« Avec cette mesure, nous jouons notre survie. » Le vice-président bolivien Alvaro García Linera n’est pas du genre à se jouer des mots. En décrétant lundi la nationalisation des hydrocarbures puisés dans le sous-sol bolivien, le gouvernement d’Evo Morales a ouvert une période d’incertitude pour l’avenir de son projet politique. Radical, déjà qualifié en sous-main de « confiscatoire » par les sociétés affectées, le décret bouleverse bien des droits acquis. A La Paz, on scrute attentivement les réactions des sociétés transnationales (STN) et de leurs parrains.
Prononcée symboliquement un 1er Mai, cent jours après la prise de pouvoir de M.Morales, la décision a pris tout le monde par surprise. Si les milieux pétroliers se doutaient que quelque chose se tramait au Palais présidentiel, la plupart des analystes s’attendaient à une nationalisation « light » des hydrocarbures.
Prise de contrôle
Or le plan divulgué par Evo Morales est -au contraire- une version dure des principes adoptés lors des référendums de 2004 puis aux Chambres en mai 2005. Concrètement, l’Etat reprend la majorité des participations au sein des trois sociétés mixtes -Andina, Chaco et Transredes- issues des privatisations des années 1990 et majoritairement détenues jusqu’à présent par les STN espagnole Repsol, britannique BP et anglo-hollandaise Shell. La prise de pouvoir à 51% se fera par l’expropriation des participations boliviennes privées et par l’achat d’actions des STN.
Si elles entendent demeurer actives en Bolivie, ces sociétés ont 180 jours pour négocier des contrats de prestation qui remplaceront les concessions abrogées. Même mesure pour la société brésilienne Petrobras, forcée de céder la direction de ses importants gisements gaziers.
L’opération avait été préparée de longue date dans le plus grand secret.
En outre, l’ensemble des hydrocarbures puisés dans le sous-sol bolivien devront être vendus à la société publique YPFB, charge à elle de les commercialiser. Les systèmes de transport, de stockage et de distribution, ainsi que les deux raffineries du pays, dont la principale appartient à Petrobras, reviennent aussi dans le giron d’YPFB contre une compensation financière à évaluer.
Enfin, impôts et royalties versés à l’Etat se montent désormais à plus de 50% des bénéfices. Jusqu’à la signature des nouveaux contrats, les deux principaux gisements gaziers seront même taxés à 82% ! Le gouvernement s’attend ainsi à engranger une manne supplémentaire annuelle de 360 millions de dollars.
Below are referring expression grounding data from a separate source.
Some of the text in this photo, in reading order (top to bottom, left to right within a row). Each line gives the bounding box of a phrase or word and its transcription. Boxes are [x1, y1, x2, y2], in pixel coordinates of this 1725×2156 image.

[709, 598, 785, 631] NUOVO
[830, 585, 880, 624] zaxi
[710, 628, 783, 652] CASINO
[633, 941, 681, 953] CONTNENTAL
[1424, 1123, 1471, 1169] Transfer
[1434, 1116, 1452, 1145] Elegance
De quoi muscler les maigres moyens à disposition d’Evo Morales pour ses projets de développement social et économique alternatifs.
« Par la force s’il le faut »
Pour éviter tout risque de sabotage de la production durant le délai de 180 jours, M.Morales a envoyé une myriade de techniciens d’YPFB escortés par l’armée pour prendre le contrôle direct des 56 gisements du pays. De quoi assommer encore un peu plus les cadres des multinationales peu habitués à un tel traitement.
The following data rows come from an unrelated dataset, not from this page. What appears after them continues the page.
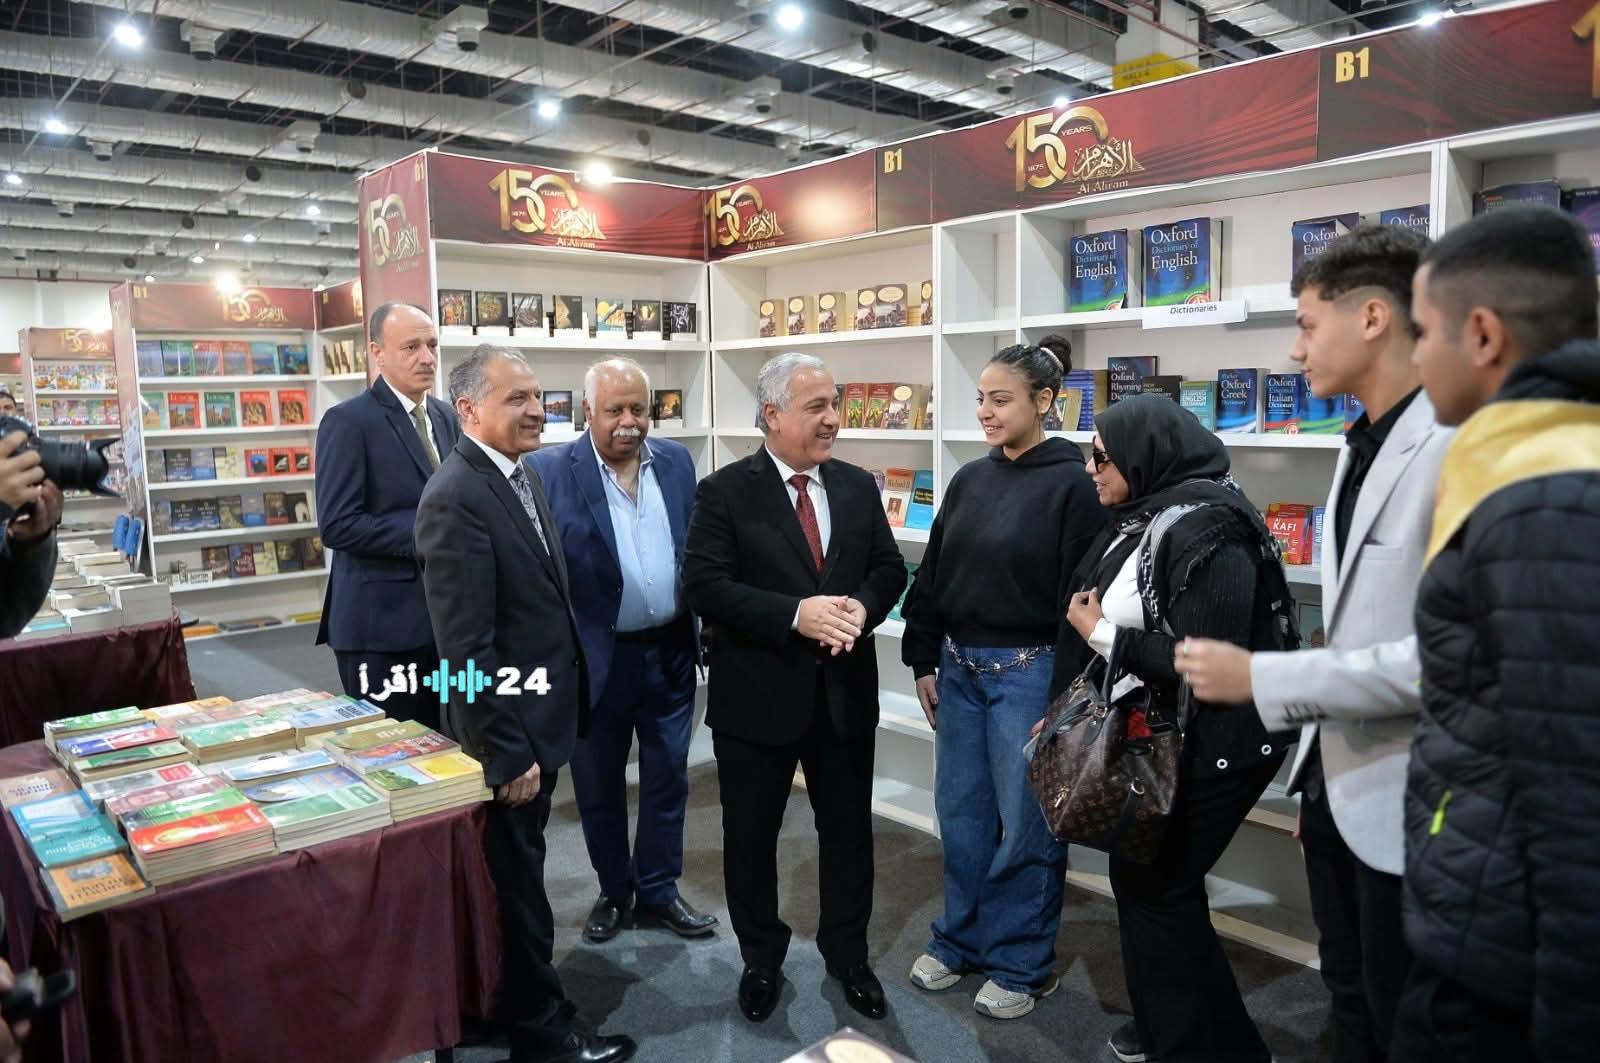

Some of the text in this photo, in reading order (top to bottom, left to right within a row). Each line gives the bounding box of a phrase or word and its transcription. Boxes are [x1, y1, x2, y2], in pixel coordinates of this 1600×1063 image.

[1336, 47, 1370, 83] B1
[1061, 124, 1093, 137] YEARS
[1005, 106, 1109, 191] 150
[884, 147, 902, 174] B1
[488, 168, 577, 233] 150
[705, 184, 763, 248] 150
[1150, 223, 1198, 245] Oxford
[1075, 234, 1116, 254] Oxford
[1151, 241, 1198, 255] Dictionary of
[1076, 252, 1116, 264] Dictionary of
[1151, 251, 1198, 272] English
[1075, 261, 1117, 280] English
[1170, 304, 1217, 315] Dictionaries
[1111, 363, 1128, 372] New
[1111, 373, 1137, 381] Oxford
[1268, 376, 1296, 387] Oxford
[1111, 383, 1142, 393] Rhyming
[1221, 379, 1251, 389] Oxford
[1221, 389, 1248, 399] Greek
[1268, 393, 1293, 402] Italian
[1268, 401, 1296, 410] Dictionary
[1272, 521, 1297, 532] KAFI
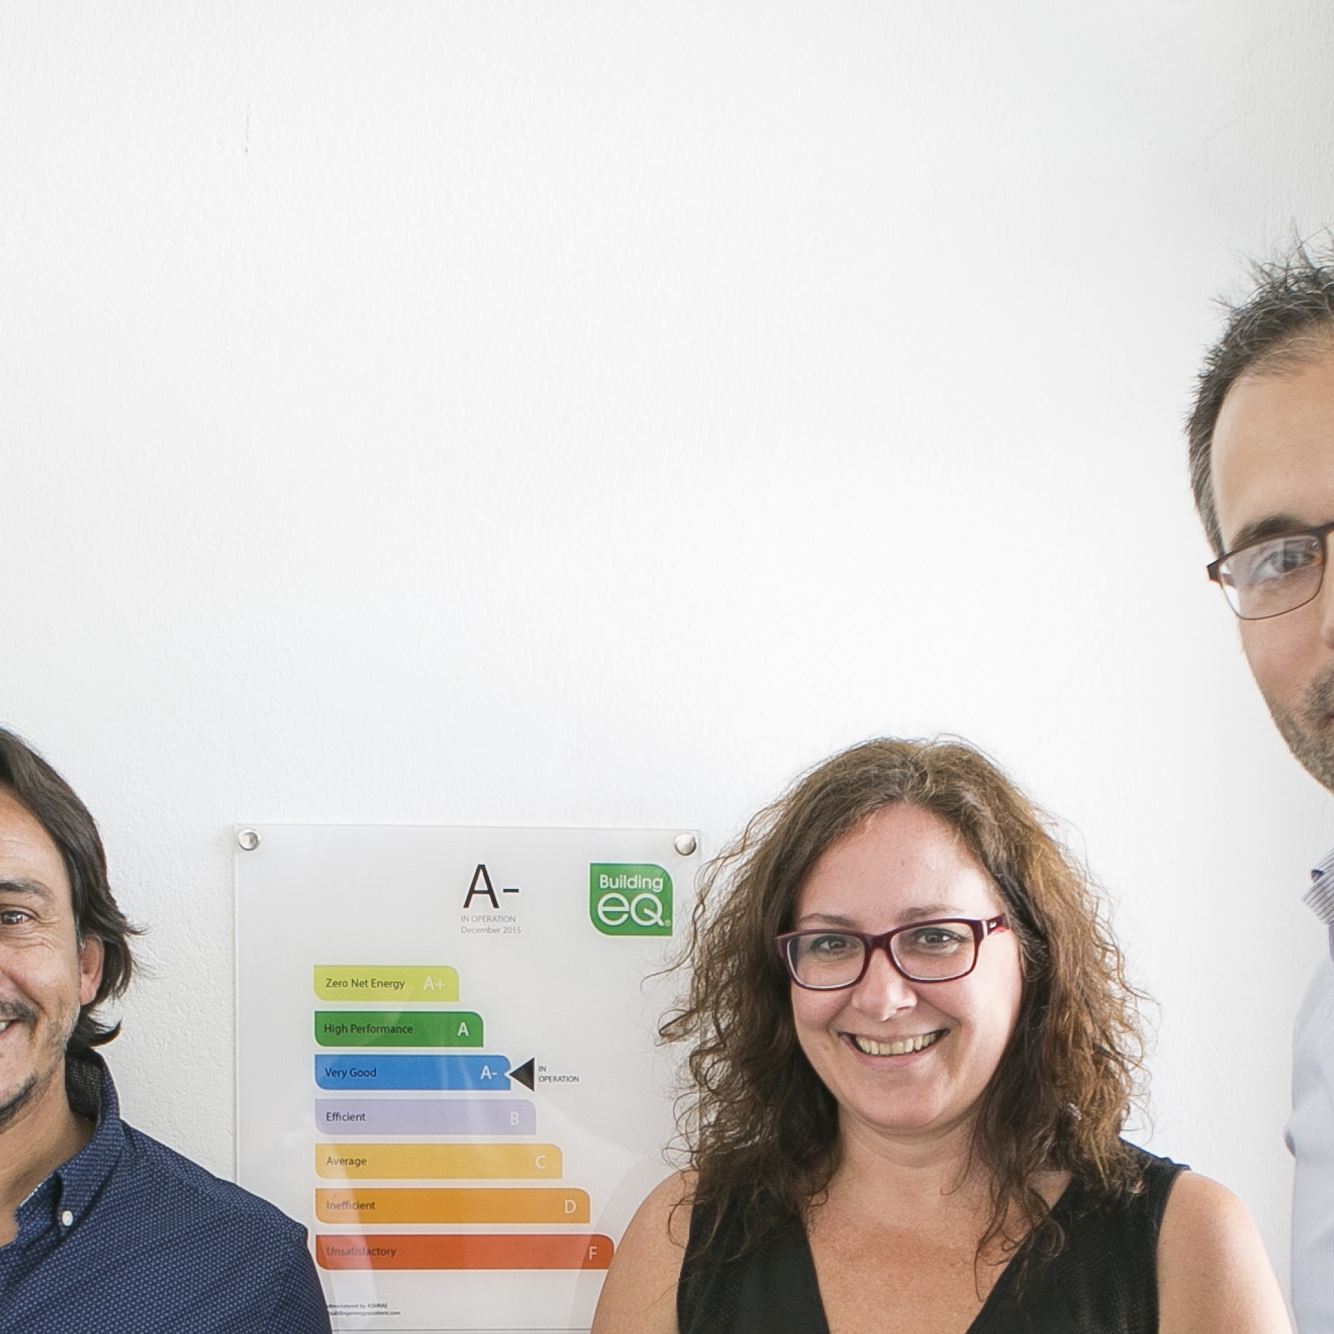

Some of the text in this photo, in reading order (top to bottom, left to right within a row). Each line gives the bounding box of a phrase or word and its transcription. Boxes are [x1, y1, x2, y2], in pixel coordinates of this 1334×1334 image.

[463, 863, 520, 909] A-
[599, 874, 664, 892] Building
[461, 915, 517, 923] IN OPERATION
[461, 926, 522, 934] December 2015
[325, 978, 405, 991] Zero Net Energy
[422, 976, 446, 991] A+
[324, 1023, 414, 1036] High Performance
[457, 1022, 469, 1037] A
[325, 1067, 377, 1080] Very Good
[480, 1065, 498, 1080] A-
[538, 1075, 579, 1083] OPERATION
[326, 1112, 366, 1122] Efficient
[510, 1111, 520, 1126] B
[326, 1156, 367, 1168] Average
[535, 1155, 546, 1170] C
[326, 1200, 376, 1211] Inefficient
[564, 1200, 577, 1214] D
[326, 1246, 397, 1258] Unsatisfactory
[588, 1247, 598, 1260] F
L’opération avait, semble-t-il, été préparée de longue date dans le plus grand secret, M.Morales devant s’assurer du plein soutien des militaires et peaufiner son texte pour éviter autant que possible des plaintes en dommage et intérêts.
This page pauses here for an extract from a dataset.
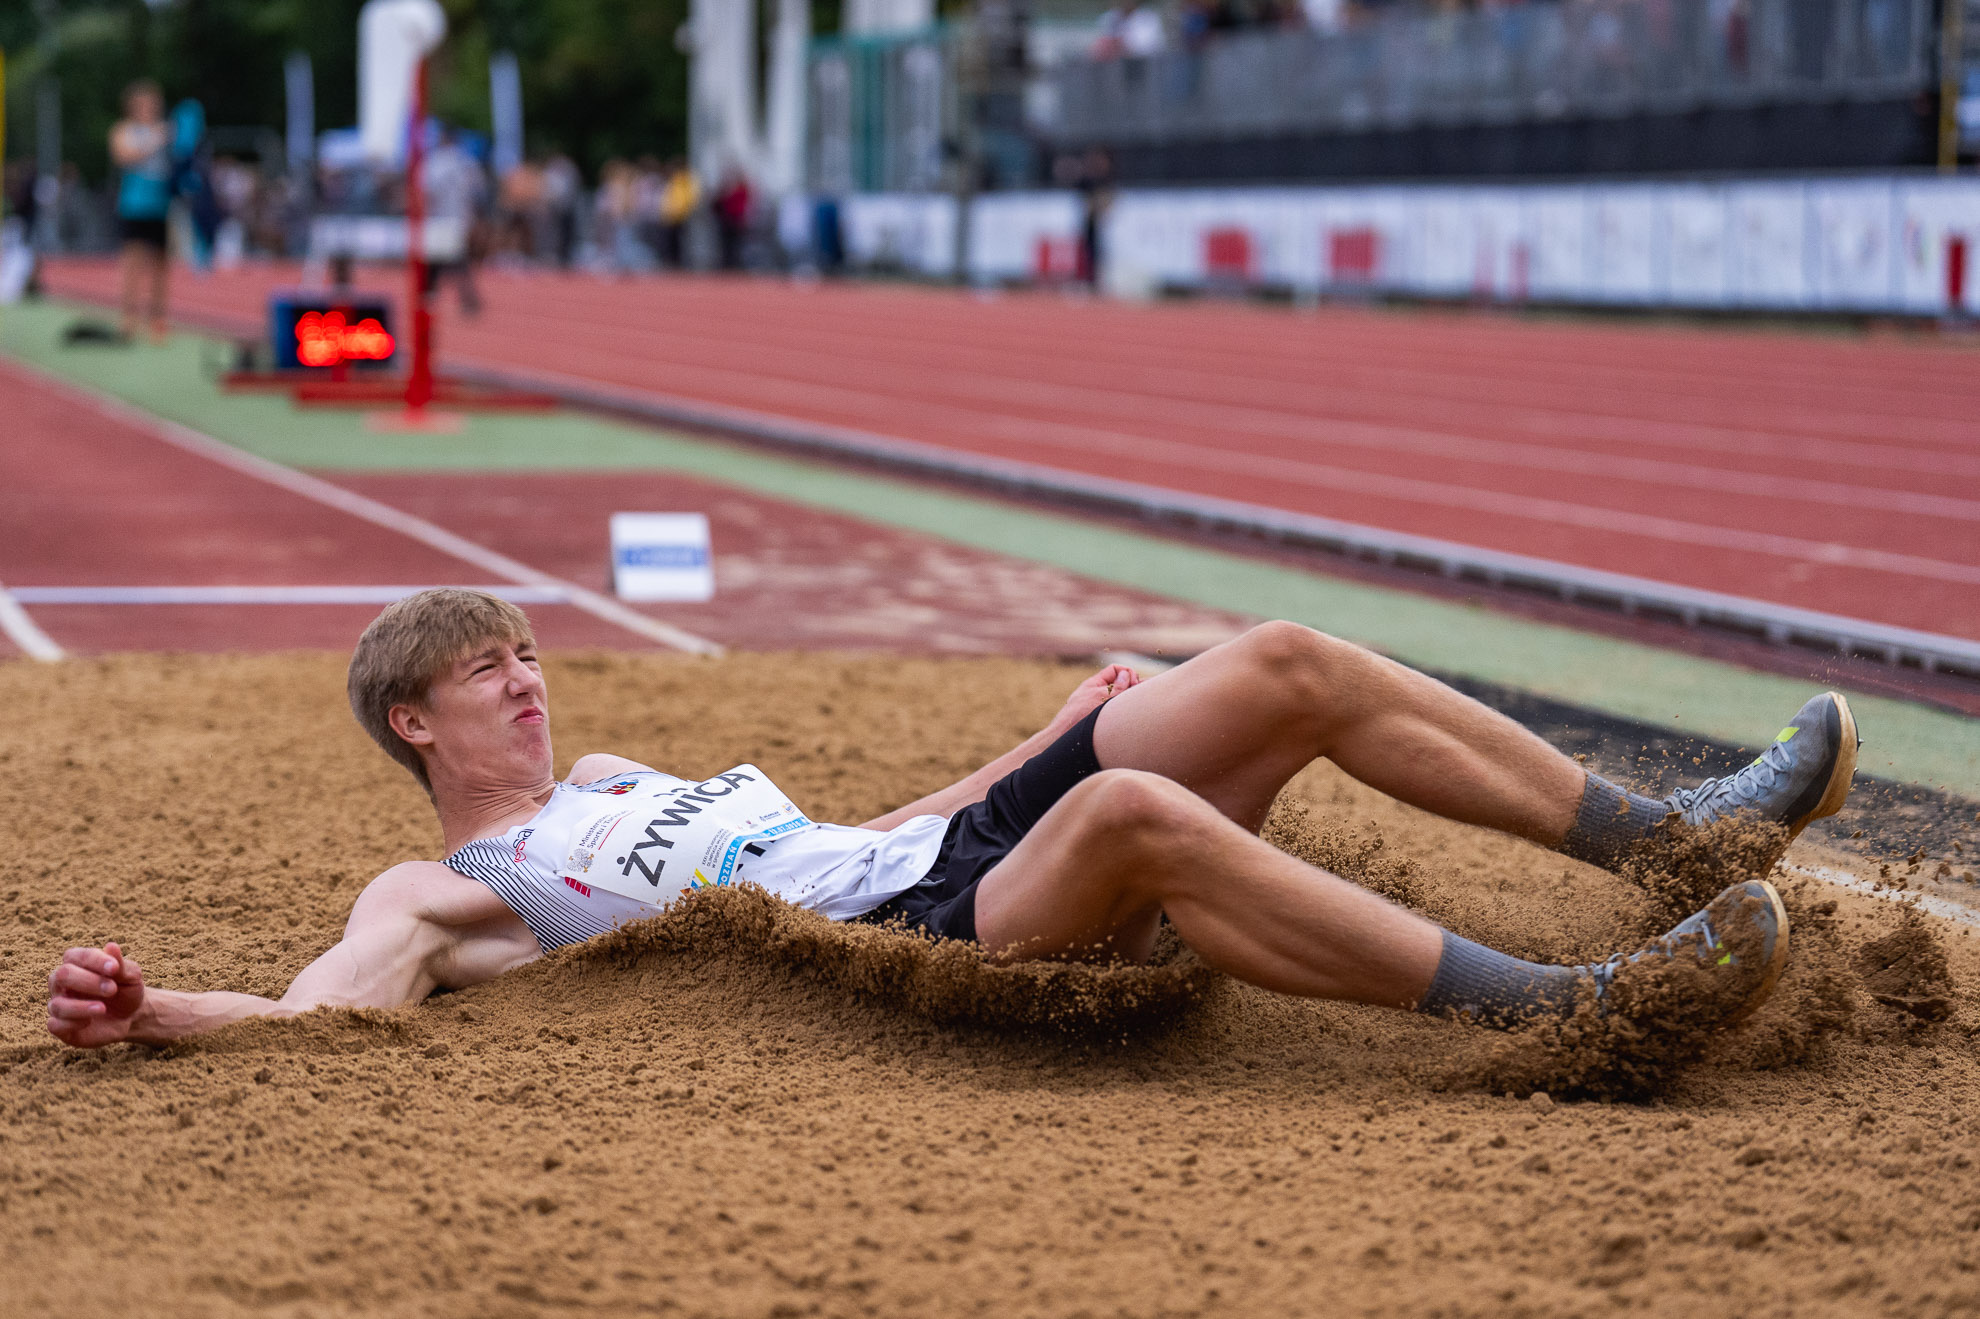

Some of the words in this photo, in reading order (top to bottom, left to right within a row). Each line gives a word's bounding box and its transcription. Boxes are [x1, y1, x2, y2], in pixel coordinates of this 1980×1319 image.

Amateur de symboles forts, Evo Morales a encore attendu de rentrer de La Havane, où il vient de signer un accord de libre-échange avec Cuba et le Venezuela de son proche allié Hugo Chávez, pour donner le véritable coup d’envoi de sa révolution économique. « La Bolivie a été le premier pays du continent à nationaliser ses hydrocarbures (en 1937, ndlr). Celle d’aujourd’hui est la troisième et définitive nationalisation de nos ressources », a déclaré le président, soulignant qu’il n’hésiterait pas à employer « la force » contre ceux qui ne « respecteraient pas la décision du peuple bolivien ».
Test pour l’Amérique latine
Pour l’heure, les multinationales ont prudemment réservé leurs réactions. Sous couvert d’anonymat, des menaces de procès sont bien évoquées mais nombre d’analystes pensent que les STN éviteront un affrontement direct pouvant les conduire à quitter le pays. Vu la taille des réserves boliviennes, de juteuses affaires restent possibles, notent les experts. La crainte de perdre l’entier de leurs investissements pourrait plaider pour la recherche d’un compromis.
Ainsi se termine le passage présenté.